塗料を電気で微粒化し、静電塗装する(イメージ)

 トヨタ自動車は12日、塗料を無駄なく車体に塗ることができる新型の塗装機を開発したと発表した。トヨタグループに全面導入すると、二酸化炭素(CO2)排出量を7%ほど減らせるほか、塗装ラインもコンパクトにできるという。他企業への技術供与も検討していく。

 現在は空気の力で塗料を車体に吹き付けており、車体から跳ね返る空気によって塗料粒子が吹き飛ばされ、噴霧量の3~4割が無駄になっていた。新型の塗装機は空気を使わず、塗料に静電気を帯びさせて細かくし、車体に静電塗装する。これにより、無駄になる塗料が5%以下と世界最高レベルにまで下がる。円筒形をした塗料吹き出し口の先端に約600本の溝を掘り、回転させながら塗料を細かくしたり、車体との距離に応じて電圧を自動制御して塗装品質を保つなどの新技術で実用化した。

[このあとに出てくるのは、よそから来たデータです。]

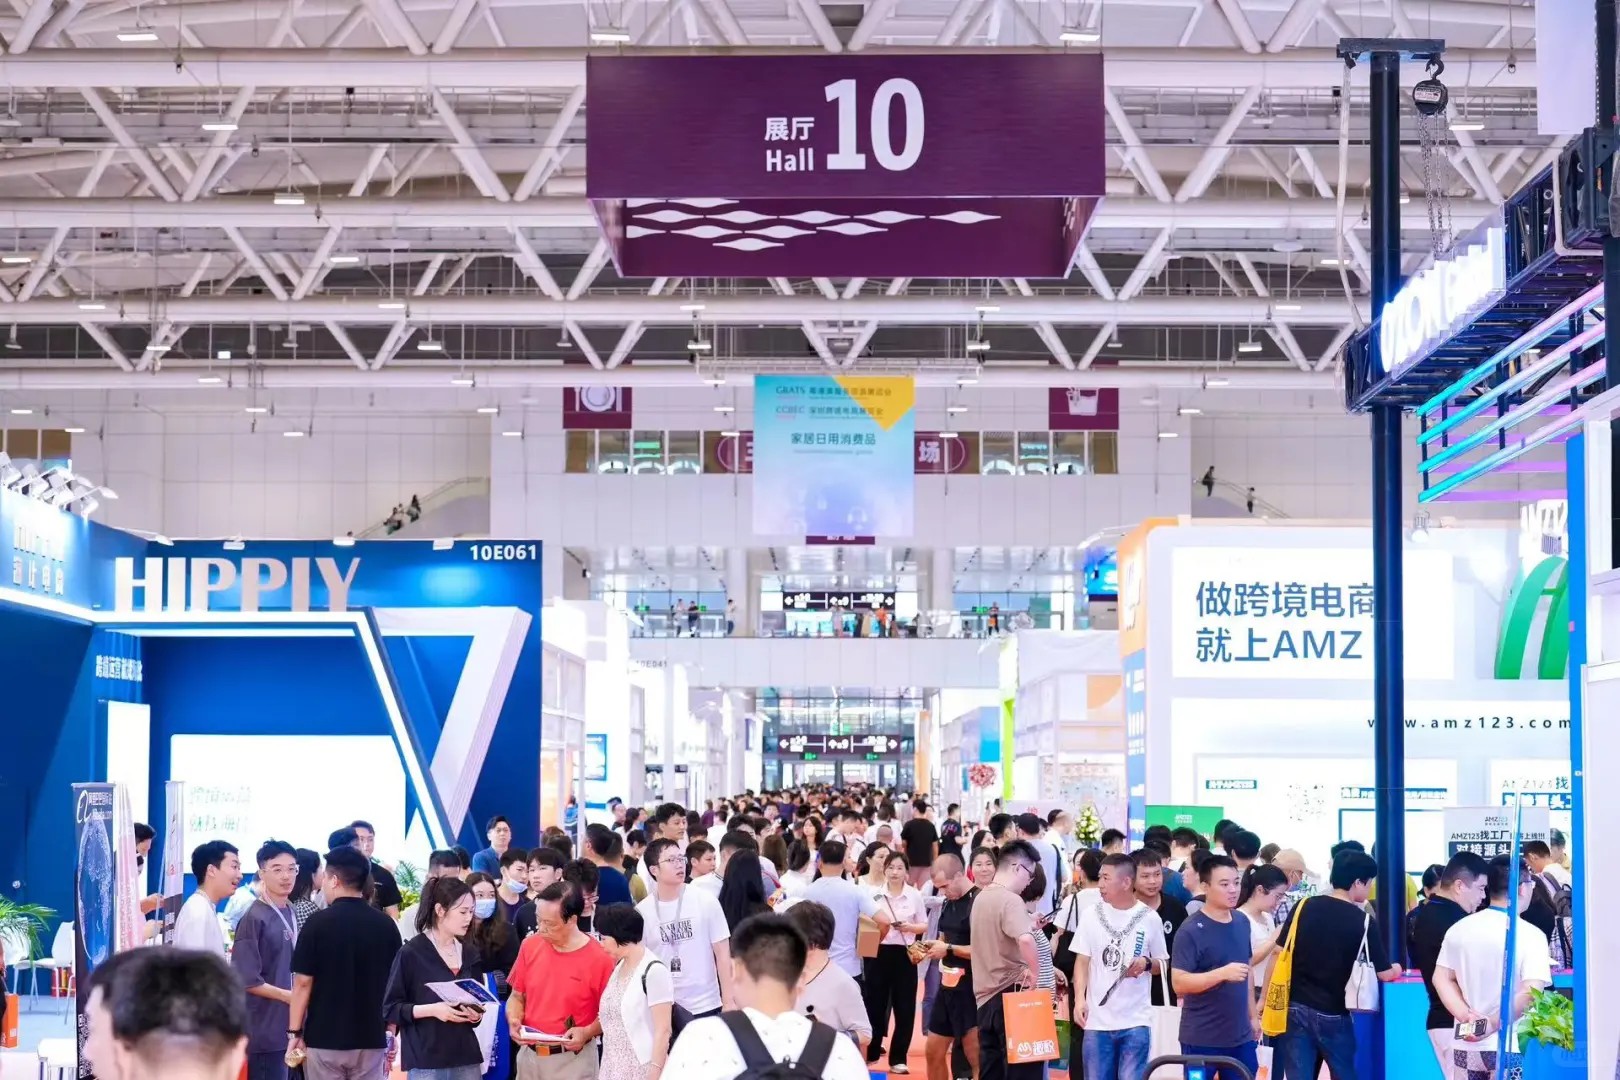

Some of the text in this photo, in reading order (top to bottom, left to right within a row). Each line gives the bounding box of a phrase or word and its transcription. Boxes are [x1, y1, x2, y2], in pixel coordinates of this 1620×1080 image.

 塗装に使うエネルギーが減ることでCO2が削減できるほか、塗装ブースに備える塗料回収装置を小型化でき、塗装ラインもコンパクトになる。高岡工場と堤工場への導入をすでに終えた。今後はトヨタの他工場やグループ工場に導入するほか、グループ外への技術供与も検討していく考えだ。